In the mid-1700s, many European philosophers and scientists began to use the ideas and methods of science to examine humans and human societies. These thinkers were part of a movement known as the Enlightenment. Most Enlightenment scientists believed that all humans everywhere have the ability to reason for themselves and form their own societies. They also believed that all humans are entitled to certain basic rights that they called natural rights. In time, these ideas spread and shaped the way ordinary people viewed the world. Some began to say that if societies are human inventions, rather than ordained by God, then people have the right to alter or even replace an oppressive government with one more to their liking.
In 1776, this theory was made concrete: 13 British colonies along the eastern coast of North America broke their ties to Britain and formed their own government. Thomas Jefferson of Virginia wrote their Declaration of Independence. It states:
We hold these truths to be self-evident: That all men are created equal; that they are endowed by their Creator with certain inalienable rights; that among these are life, liberty, and the pursuit of happiness. That, to secure these rights, governments are instituted among men, deriving their just powers from the consent of the governed; that, whenever any form of government becomes destructive of these ends, it is the right of the people to alter or abolish it, and to institute a new government, laying its foundation on such principles, and organizing its powers in such form, as to them shall seem most likely to effect their safety and happiness.
The French Revolution was also inspired by the ideas of the Enlightenment. In 1789, in their Declaration of the Rights of Man and of the Citizen, the French revolutionaries boldly stated that “Men are born, and always continue, free and equal in respect of their rights.” As a French leader explained, “Since men are all made of the same clay, there should be no distinction or superiority among them.”
But the emphasis on human equality presented Enlightenment leaders with a dilemma. Historian Ira Berlin explains:
After the Declaration of the Rights of Man [and] the Declaration of Independence, the presumption is that all men are created equal. Equality is the point. And what then has to be explained for the very first time in world history is inequality, and why inequality exists. In other words, if all men are created equal, why are some men and women still slaves?
Although the great thinkers of the Enlightenment stressed the equality of humankind, the belief that humanity is divided into separate and unequal races continued to develop during those same years. Less than ten years after writing the Declaration of Independence, Jefferson, a slaveholder himself, wrote:
I advance it . . . as a suspicion only, that the blacks, whether originally a distinct race, or made distinct by time and circumstances, are inferior to the whites in the endowments both of body and mind . . . This unfortunate difference of colour, and perhaps of faculty, is a powerful obstacle to the emancipation of these people.

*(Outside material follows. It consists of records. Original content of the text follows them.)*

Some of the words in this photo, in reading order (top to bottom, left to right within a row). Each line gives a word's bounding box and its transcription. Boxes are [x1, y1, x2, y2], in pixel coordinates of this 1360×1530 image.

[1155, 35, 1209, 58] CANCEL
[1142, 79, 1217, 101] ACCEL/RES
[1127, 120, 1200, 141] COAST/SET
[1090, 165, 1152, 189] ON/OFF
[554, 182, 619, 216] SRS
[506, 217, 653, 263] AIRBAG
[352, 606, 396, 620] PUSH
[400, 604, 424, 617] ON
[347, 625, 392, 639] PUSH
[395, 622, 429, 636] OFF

Jefferson was one of many who wrestled with the contradiction in simultaneously promoting equality and upholding hierarchical divisions in society. Historian Londa Schiebinger offers one explanation:
The expansive mood of the Enlightenment—the feeling that all men are by nature equal—gave middle- and lower-class men, women, Jews, Africans, and West Indians living in Europe reason to believe that they, too, might begin to share the privileges heretofore reserved for elite European men. Optimism rested in part on the ambiguities inherent in the word “man” as used in revolutionary documents of the period. The 1789 [French] Declaration of the Rights of Man and Citizen said nothing about race or sex, leading many to assume that the liberties it proclaimed would hold universally. The future president of the French National Assembly, Honoré-Gabriel Riqueti, comte de Mirabeau, declared that no one could claim that “white men are born and remain free, black men are born and remain slaves.” Nor did the universal and celebrated “man” seem to exclude women. Addressing the Convention in 1793, an anonymous woman declared: “Citizen legislators, you have given men a constitution . . . as the constitution is based on the rights of man, we now demand the full exercise of those rights for ourselves.”

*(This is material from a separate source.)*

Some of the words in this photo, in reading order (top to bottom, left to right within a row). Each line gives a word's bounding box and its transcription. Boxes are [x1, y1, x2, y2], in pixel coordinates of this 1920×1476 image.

Within this revolutionary republican framework, an appeal to natural rights could be countered only by proof of natural inequalities. The marquis de Condorcet wrote, for instance, that if women were to be excluded . . . one must demonstrate a “natural difference” between men and women to legitimate that exclusion. In other words, if social inequalities were to be justified within the framework of Enlightenment thought, scientific evidence would have to show that human nature is not uniform, but differs according to age, race, and sex.

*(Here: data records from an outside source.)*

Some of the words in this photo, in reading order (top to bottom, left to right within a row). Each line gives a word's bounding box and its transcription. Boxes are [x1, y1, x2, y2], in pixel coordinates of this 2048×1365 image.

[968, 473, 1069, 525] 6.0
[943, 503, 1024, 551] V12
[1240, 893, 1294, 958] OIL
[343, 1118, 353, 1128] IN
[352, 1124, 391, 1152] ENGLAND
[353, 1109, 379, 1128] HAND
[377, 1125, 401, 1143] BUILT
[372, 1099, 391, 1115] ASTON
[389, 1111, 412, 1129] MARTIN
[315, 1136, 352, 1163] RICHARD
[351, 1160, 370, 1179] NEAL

According to Schiebinger, scientists responded to this challenge by seeking “natural foundations to justify social inequalities between the sexes and races.”
- Why did the practice of slavery call into question the ideas of Enlightenment thinkers who supported the American and French Revolutions? How did these thinkers seek to resolve the contradiction?
- According to Londa Schiebinger, the thinkers of the Enlightenment encouraged a search for “evidence . . . that human nature is not uniform, but differs according to age, race, and sex.” What does she suggest inspired that search? What consequences might such a search have?
- Suppose the Enlightenment had sought evidence of the similarities among humankind. What might have been the consequences for society of that search? For individuals within that society?